Les remèdes du docteur Irabu, de Hideo Okuda

par Oct 17, 2015L'encre & la plume, Le Serpent d'Hippocrate0 commentaires

Il y a parfois des rencontres qui sortent de l’ordinaire. Des personnalités atypiques, j’en croise assez souvent dans mon métier. Mais certaines sortent du lot.

C’est le cas de Jacques, un patient de presque 60 ans, qui, nonobstant son métier de chaudronnier, est un véritable geek : quand je l’ai connu, il jouait à World of Warcraft des nuits entières. Et puis il est passionné de culture japonaise, jusqu’à en dévorer des mangas dont je n’avais pas même entendu parler, ou à aller voir en concerts des idols, comme les Baby Metal. Lui qui ne parle pas un mot d’anglais est allé jusqu’en Allemagne pour assister à un concert où la moyenne d’âge devait avoisiner les 20 ans, et encore, sans doute parce qu’il faussait les statistiques…

Bref, il y a quelques semaines, Jacques arrive en consultation en me tendant un bouquin.

Tenez, lisez-le, je suis sûr qu’il va vous plaire, Docteur. Ça m’a fait penser à vous. Mais après, vous me le rendez, hein ?

La couverture m’a d’abord fait penser à un roman à l’eau de rose (sans jeu de mots), et le bandeau déclamant fièrement qu’il s’en était vendu plus d’un million d’exemplaires au Japon m’a un peu refroidi.

Mais en débutant la lecture deux jours plus tard, j’ai révisé mon jugement.

En cinq consultations qui sont autant de chapitres ou d’histoires courtes, nous faisons la connaissance du Docteur Ichirô Irabu, un psychiatre très original, dont les méthodes de soin sont si délirantes que l’on se demande s’il est génial ou complètement cinglé. Très égocentrique, un peu sadique, il fait revenir ses patients chaque jour pour pouvoir observer Mayumi, son infirmière exhibitionniste aux appâts plantureux, faire des injections diverses à ses patients. Et ses prescriptions sont d’autant plus étranges qu’elles n’ont souvent rien de médical. La natation à outrance pour un angoissé, ou même s’inscrire à un concours pour devenir actrice dans le cas d’une jeune femme paranoïaque, il y a de quoi douter.
Mais contre toute attente, tout cela fonctionne.

 Pour une première approche de la littérature japonaise contemporaine, Jacques m’a offert un raccourci saisissant sur le quotidien d’une société où le travail, les apparences et la sexualité tiennent une place singulière pour un Occidental.

L’auteur croque sans vergogne et même avec un plaisir évident l’obsession technologique des adolescents comme les frustrations diverses qui traversent ses contemporains. Avec une gouaille qui renverse les valeurs et fait se demander si Irabu, tout déjanté qu’il paraisse, n’est pas finalement plus normal que la société dans laquelle évoluent ses patients.

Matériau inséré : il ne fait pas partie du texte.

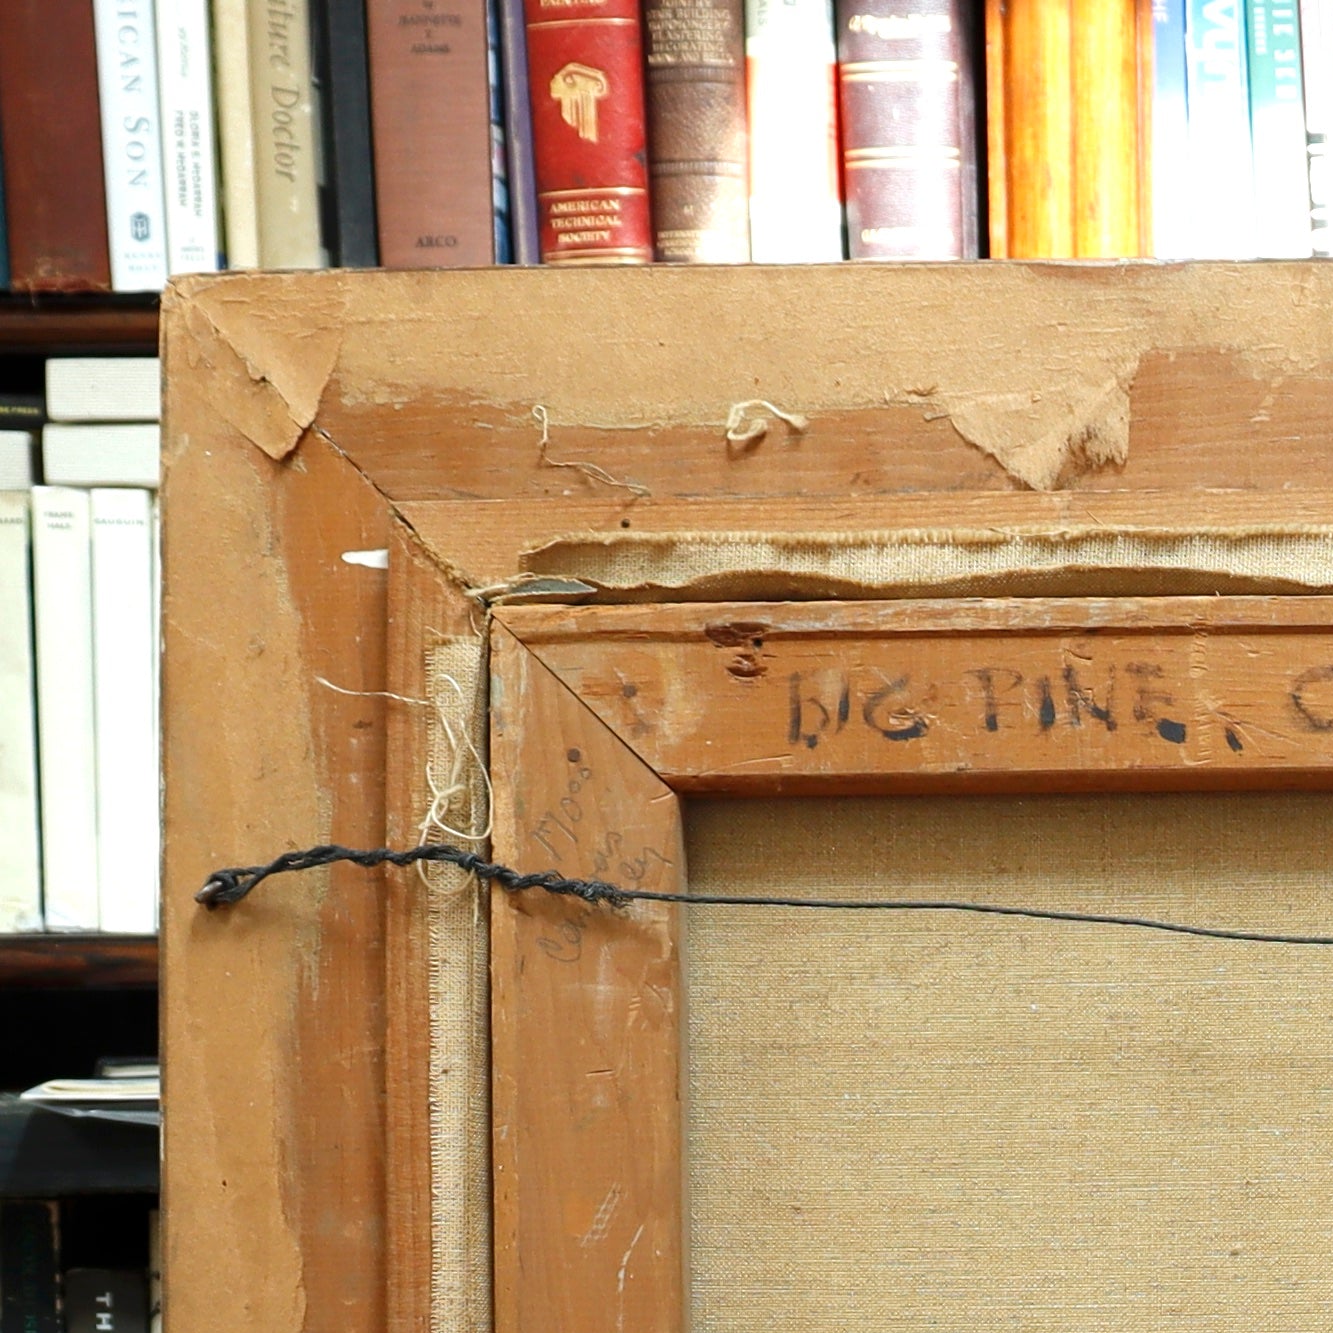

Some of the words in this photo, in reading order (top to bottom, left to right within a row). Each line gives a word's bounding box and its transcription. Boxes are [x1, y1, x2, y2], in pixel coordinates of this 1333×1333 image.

[116, 0, 142, 94] ICAN
[271, 86, 301, 183] Doctor
[123, 115, 150, 188] SON
[549, 199, 621, 213] AMERICAN
[551, 215, 622, 229] TECHNICAL
[416, 235, 457, 248] ARCO
[557, 230, 612, 244] SOCIETY
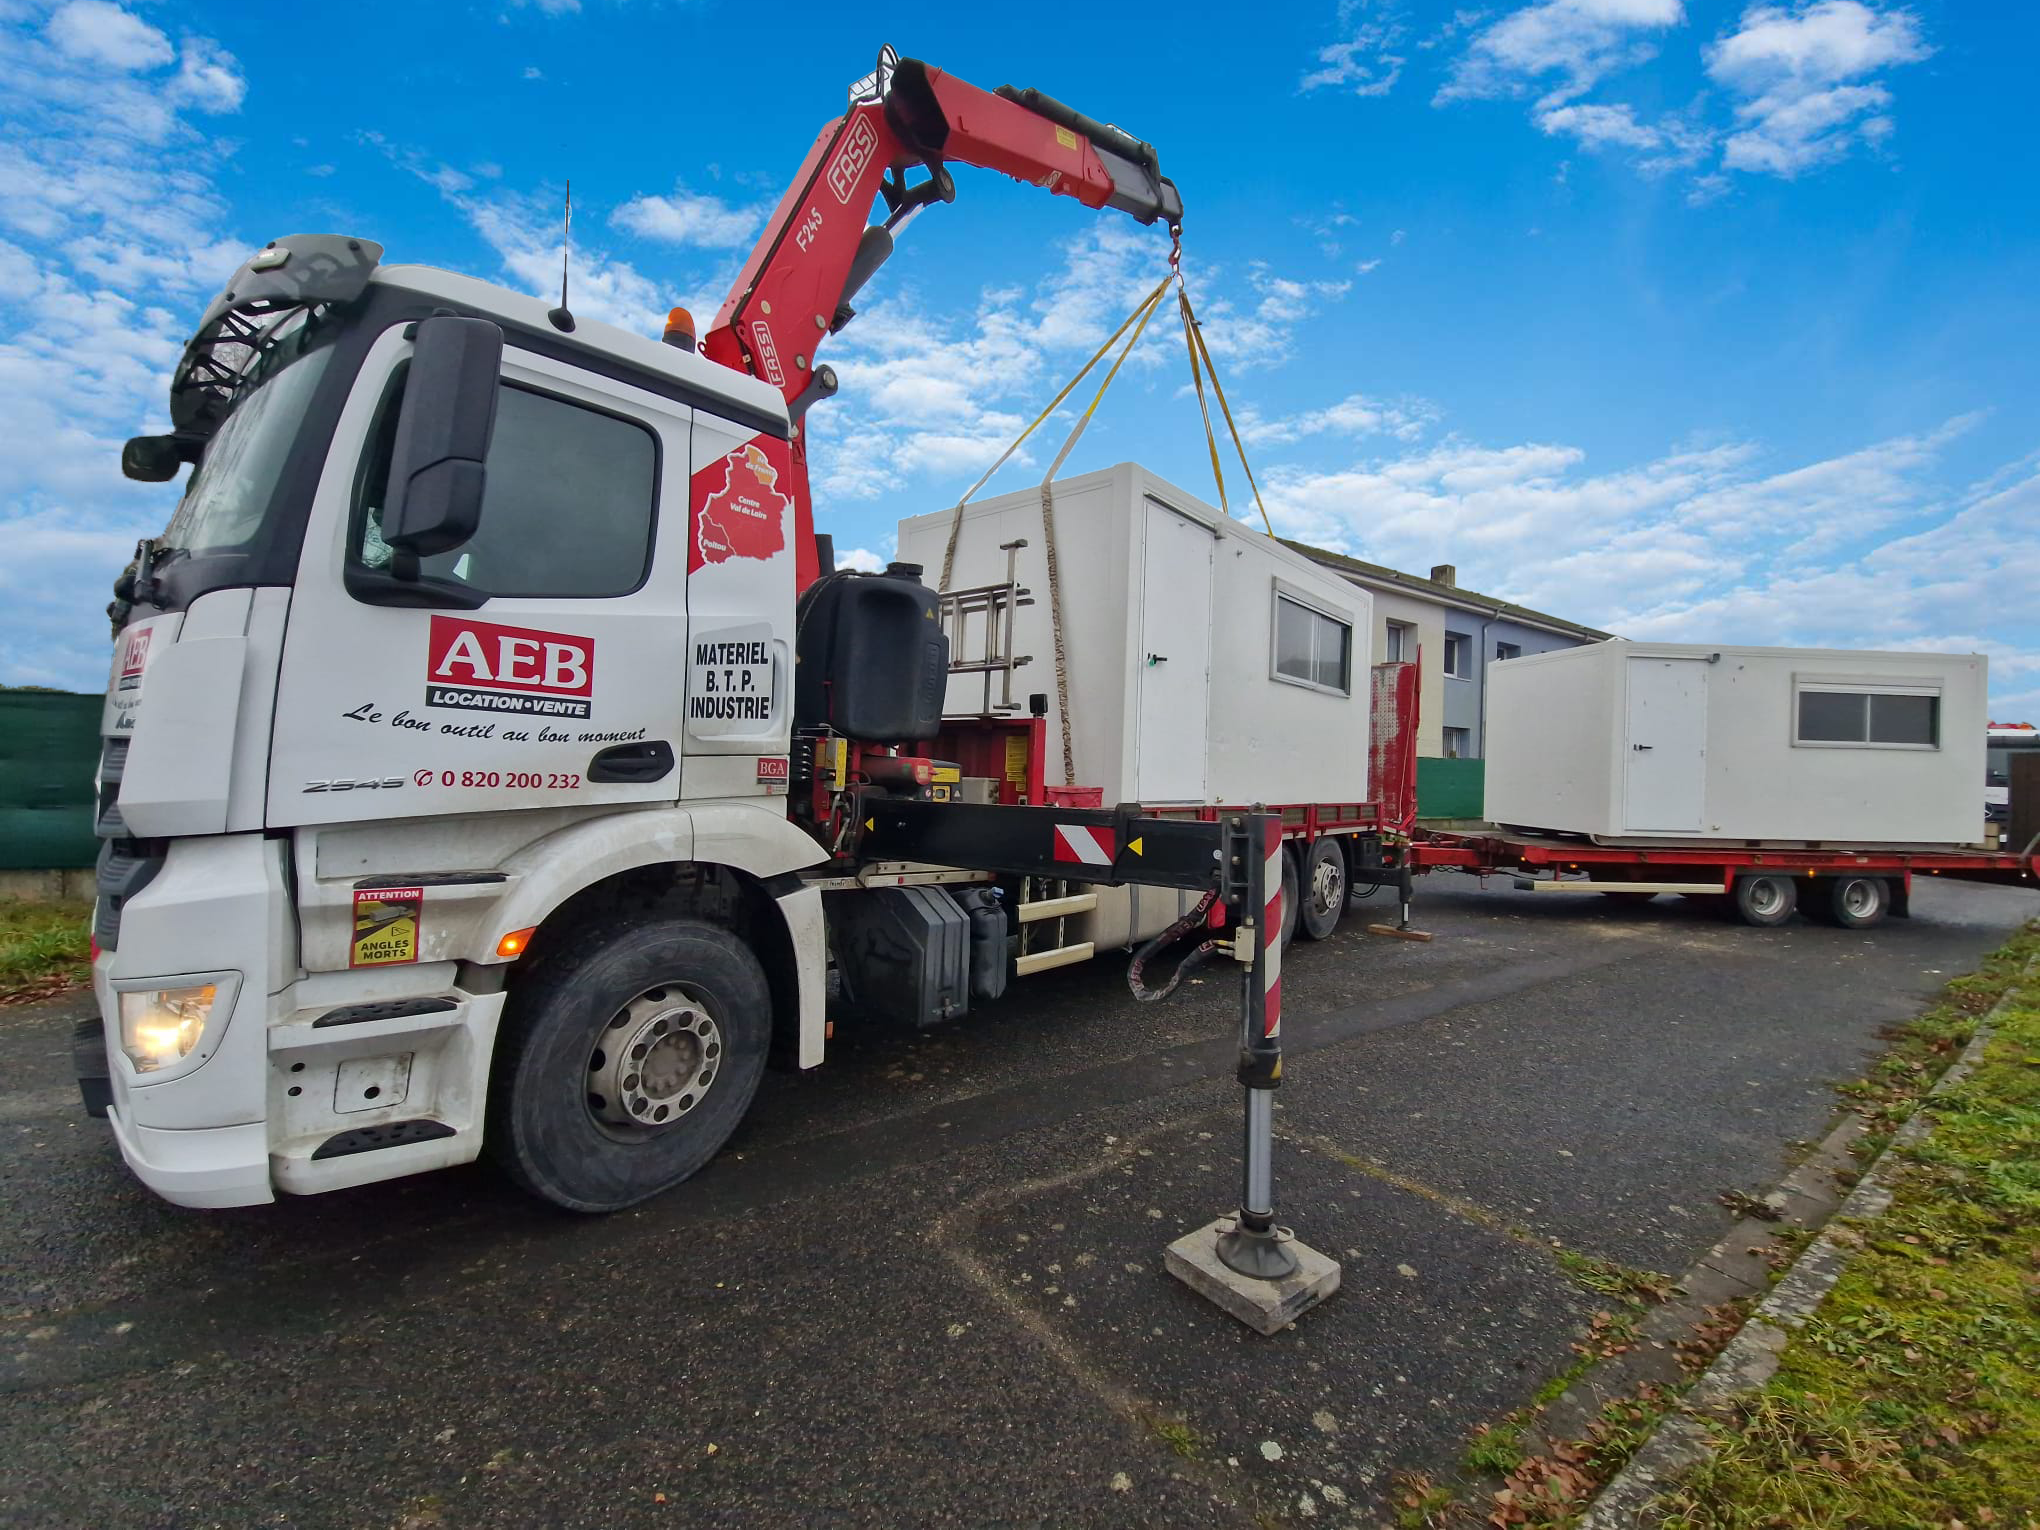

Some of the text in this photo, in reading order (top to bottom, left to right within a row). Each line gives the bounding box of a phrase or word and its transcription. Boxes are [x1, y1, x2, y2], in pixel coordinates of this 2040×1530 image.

[831, 120, 875, 197] FASSI
[795, 207, 823, 252] F245
[755, 326, 782, 384] FASSI
[730, 502, 741, 512] Val
[738, 495, 760, 508] Centre
[703, 539, 726, 551] Poitou
[435, 630, 588, 690] AEB
[696, 641, 769, 666] MATERIEL
[690, 696, 770, 720] INDUSTRIE
[342, 703, 645, 743] Le bon outil au bon moment
[760, 761, 785, 775] BGA
[302, 775, 406, 793] 2545
[441, 770, 580, 789] 0 820 200 232
[358, 890, 419, 901] ATTENTION
[361, 939, 409, 952] ANGLES
[363, 949, 406, 960] MORTS

Un constat qui fait également réfléchir à notre propre société et aux maux qu’elle engendre. Négation de l’humain dans le travail, consumérisme dans les relations interpersonnelles comme dans le couple, sacrifice de valeurs profondes sur l’autel de la réussite, tout cela forme une bonne part des consultations qu’un médecin généraliste reçoit à longueur de journée.

Et si nous avions nous aussi besoin d’un Docteur Irabu ? La figure de ce médecin psychiatre rappelle celle du Docteur House, en contrepoint, archétype peut-être plus occidental où le soignant se place comme dédaigneux.

Quelle que soit la réponse, l’ouvrage illustre tout de même le pouvoir de l’esprit sur les maux dont souffrent les individus, en s’affranchissant des réflexes et des référents occidentaux.

Il y a une suite, apparemment, intitulée Un yakuza chez le psy.

Et les Japonais en ont fait un téléfilm…

Le plus étonnant, dans tout cela, c’est que Jacques lui-même pourrait bien être l’un des patients de l’étrange docteur Irabu. Aussi attachant, il souffre autant qu’eux, d’une pathologie complexe où le corps et l’esprit s’embrouillent l’un l’autre.

Je n’ai pas les méthodes du fantasque praticien japonais, mais je peux essayer d’appliquer l’un de ses principes : avoir le courage de suivre son patient là où le soin est possible, même si c’est difficile.